_WHAT TO DO_:
Reproduce the listing in full, exactly as written, but without images.

++++++++++++++++++++

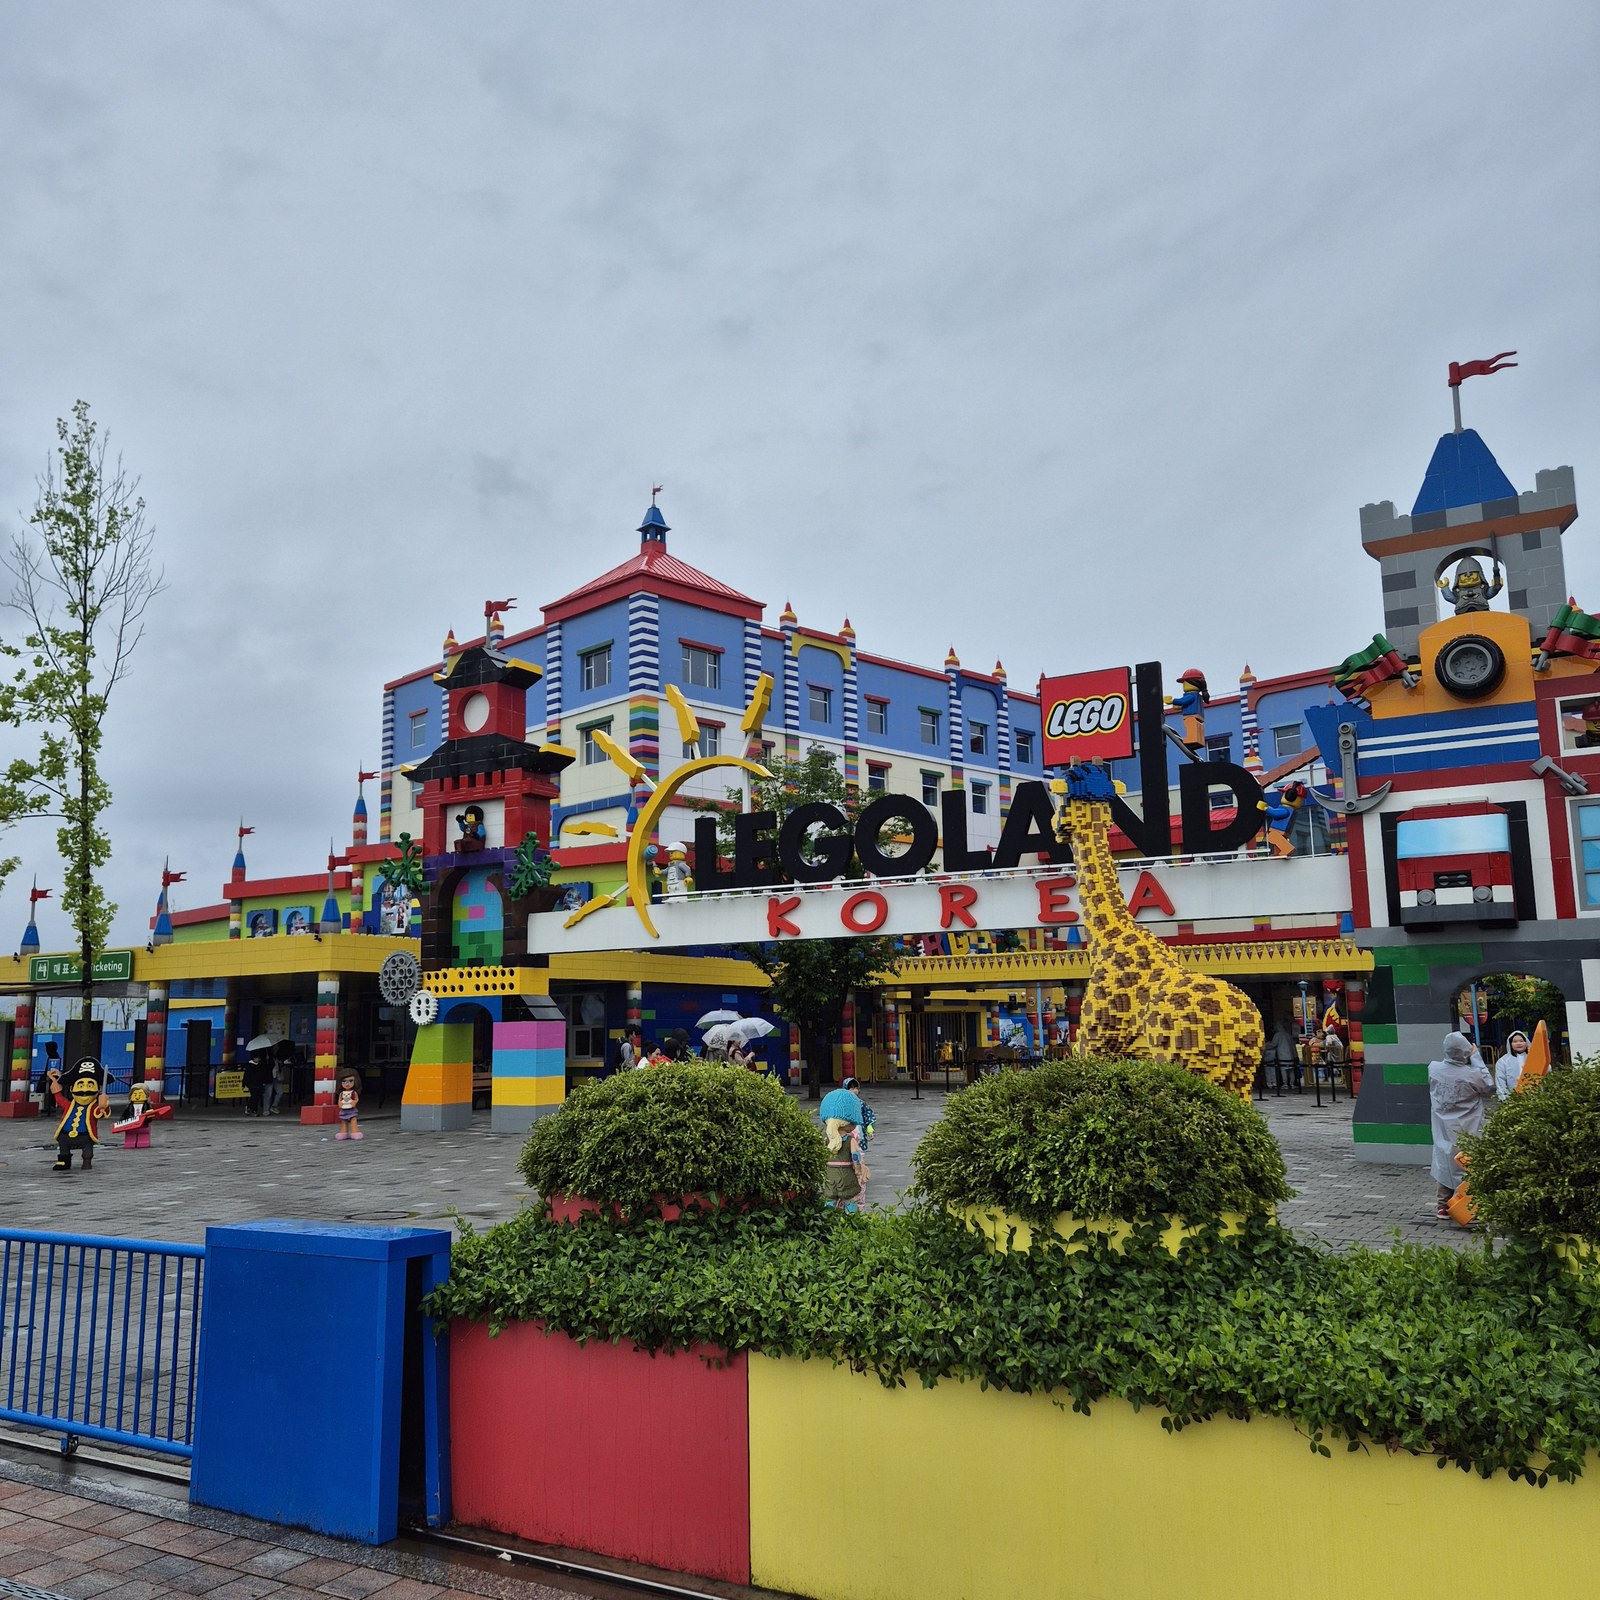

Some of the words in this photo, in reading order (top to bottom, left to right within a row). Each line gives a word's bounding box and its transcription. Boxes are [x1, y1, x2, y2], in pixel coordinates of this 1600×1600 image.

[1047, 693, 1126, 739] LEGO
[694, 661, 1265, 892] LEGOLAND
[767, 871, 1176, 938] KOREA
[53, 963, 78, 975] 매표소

++++++++++++++++++++

_WRITTEN SOLUTION_:
Some of the words in this photo, in reading order (top to bottom, left to right within a row). Each line gives a word's bounding box and its transcription. Boxes are [x1, y1, x2, y2], in pixel coordinates of this 1600×1600 image.

[1047, 693, 1126, 739] LEGO
[694, 661, 1265, 892] LEGOLAND
[767, 871, 1176, 938] KOREA
[53, 963, 78, 975] 매표소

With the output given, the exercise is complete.